■ Records from a data collection:
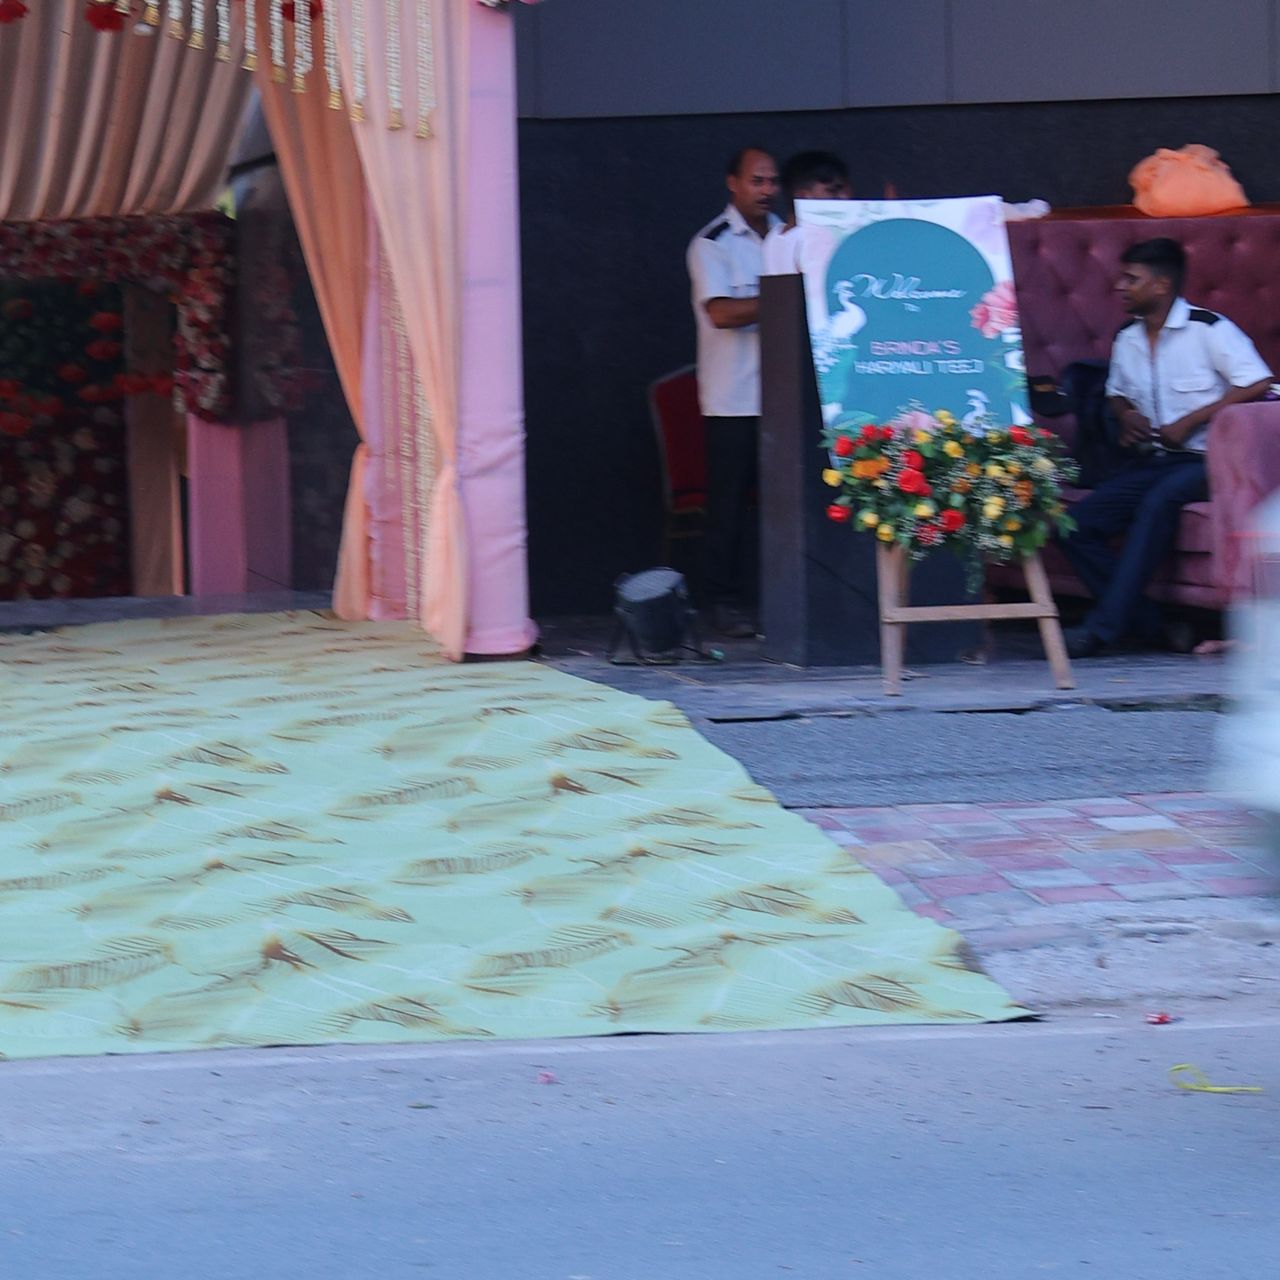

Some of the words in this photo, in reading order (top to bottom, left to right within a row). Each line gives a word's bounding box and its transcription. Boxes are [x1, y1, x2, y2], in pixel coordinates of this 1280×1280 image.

[849, 272, 967, 299] Welcome
[870, 340, 961, 355] BRINDA'S
[933, 359, 984, 375] TEEJ
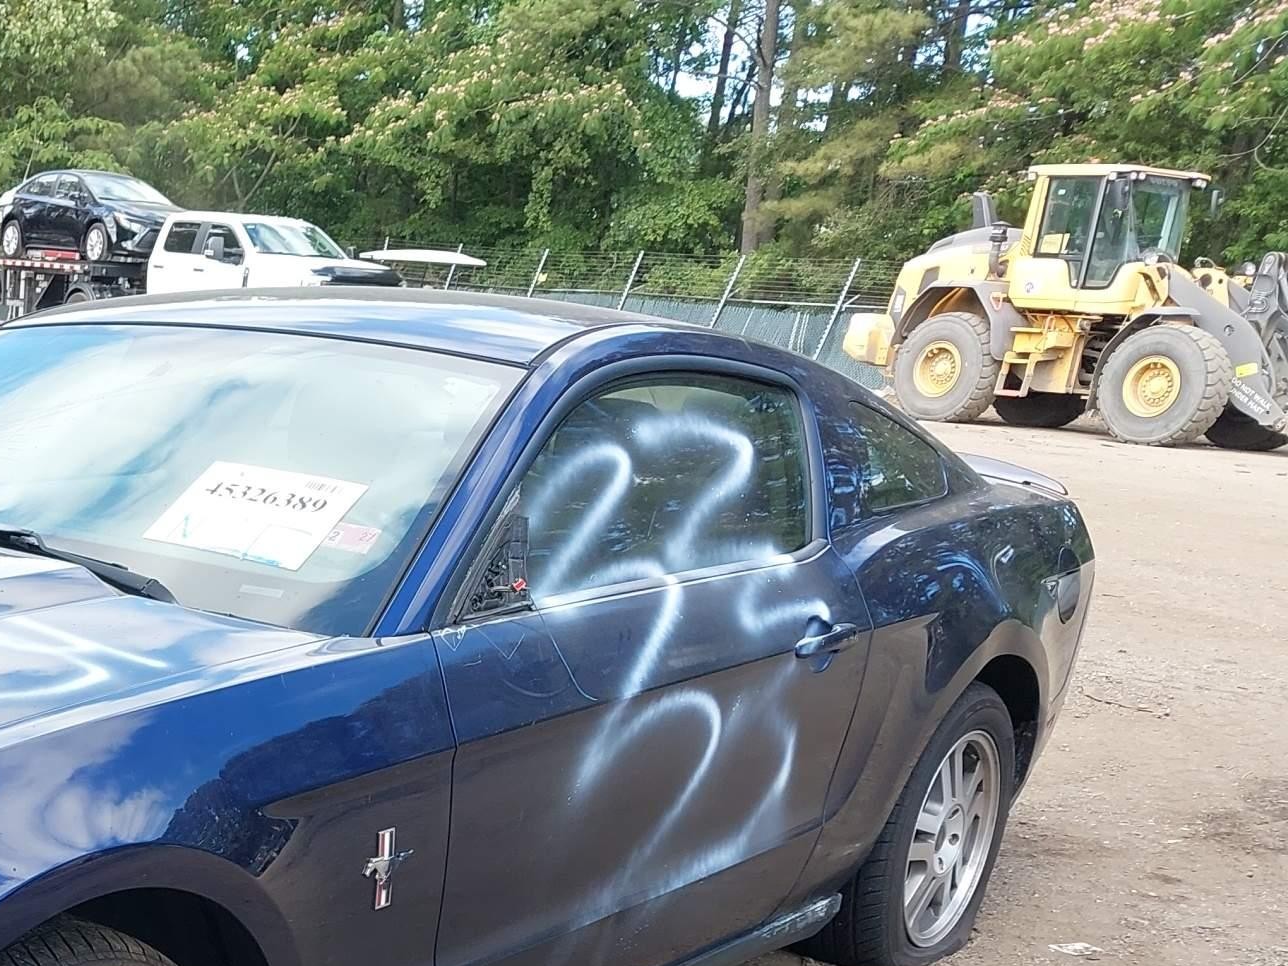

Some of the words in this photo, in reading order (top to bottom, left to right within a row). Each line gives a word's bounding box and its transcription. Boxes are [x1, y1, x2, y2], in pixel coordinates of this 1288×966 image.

[1241, 383, 1256, 396] NOT
[1253, 393, 1272, 410] WALK
[205, 482, 328, 513] 45326389

■ Task objective: When you copy the records above, keep every word exact but leave out the pictures.

■ Output below:
Some of the words in this photo, in reading order (top to bottom, left to right within a row). Each line gives a word's bounding box and its transcription. Boxes are [x1, y1, x2, y2], in pixel coordinates of this 1280×1280 image.

[849, 272, 967, 299] Welcome
[870, 340, 961, 355] BRINDA'S
[933, 359, 984, 375] TEEJ

Some of the words in this photo, in reading order (top to bottom, left to right within a row). Each line gives a word's bounding box and its transcription. Boxes are [x1, y1, x2, y2], in pixel coordinates of this 1288×966 image.

[1241, 383, 1256, 396] NOT
[1253, 393, 1272, 410] WALK
[205, 482, 328, 513] 45326389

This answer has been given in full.